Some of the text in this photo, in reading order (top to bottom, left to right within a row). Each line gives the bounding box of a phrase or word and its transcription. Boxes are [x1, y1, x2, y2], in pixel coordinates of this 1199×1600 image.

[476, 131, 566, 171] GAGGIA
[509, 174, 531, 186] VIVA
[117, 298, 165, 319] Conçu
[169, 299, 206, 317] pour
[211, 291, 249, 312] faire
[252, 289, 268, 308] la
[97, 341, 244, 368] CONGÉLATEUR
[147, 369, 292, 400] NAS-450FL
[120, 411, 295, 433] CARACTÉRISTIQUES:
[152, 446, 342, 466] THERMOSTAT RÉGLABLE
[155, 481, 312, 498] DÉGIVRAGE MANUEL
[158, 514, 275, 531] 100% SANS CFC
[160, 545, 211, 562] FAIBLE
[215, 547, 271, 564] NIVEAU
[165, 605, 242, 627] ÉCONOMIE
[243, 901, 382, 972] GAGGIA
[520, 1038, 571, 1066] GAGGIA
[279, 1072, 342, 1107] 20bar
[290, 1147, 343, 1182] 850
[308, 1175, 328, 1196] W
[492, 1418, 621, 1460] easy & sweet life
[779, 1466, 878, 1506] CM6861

────

_Problem details_
Every record must be written out again without any change.

_Answer to this problem_
Some of the text in this photo, in reading order (top to bottom, left to right within a row). Each line gives the bounding box of a phrase or word and its transcription. Boxes are [x1, y1, x2, y2], in pixel coordinates of this 1199×1600 image.

[476, 131, 566, 171] GAGGIA
[509, 174, 531, 186] VIVA
[117, 298, 165, 319] Conçu
[169, 299, 206, 317] pour
[211, 291, 249, 312] faire
[252, 289, 268, 308] la
[97, 341, 244, 368] CONGÉLATEUR
[147, 369, 292, 400] NAS-450FL
[120, 411, 295, 433] CARACTÉRISTIQUES:
[152, 446, 342, 466] THERMOSTAT RÉGLABLE
[155, 481, 312, 498] DÉGIVRAGE MANUEL
[158, 514, 275, 531] 100% SANS CFC
[160, 545, 211, 562] FAIBLE
[215, 547, 271, 564] NIVEAU
[165, 605, 242, 627] ÉCONOMIE
[243, 901, 382, 972] GAGGIA
[520, 1038, 571, 1066] GAGGIA
[279, 1072, 342, 1107] 20bar
[290, 1147, 343, 1182] 850
[308, 1175, 328, 1196] W
[492, 1418, 621, 1460] easy & sweet life
[779, 1466, 878, 1506] CM6861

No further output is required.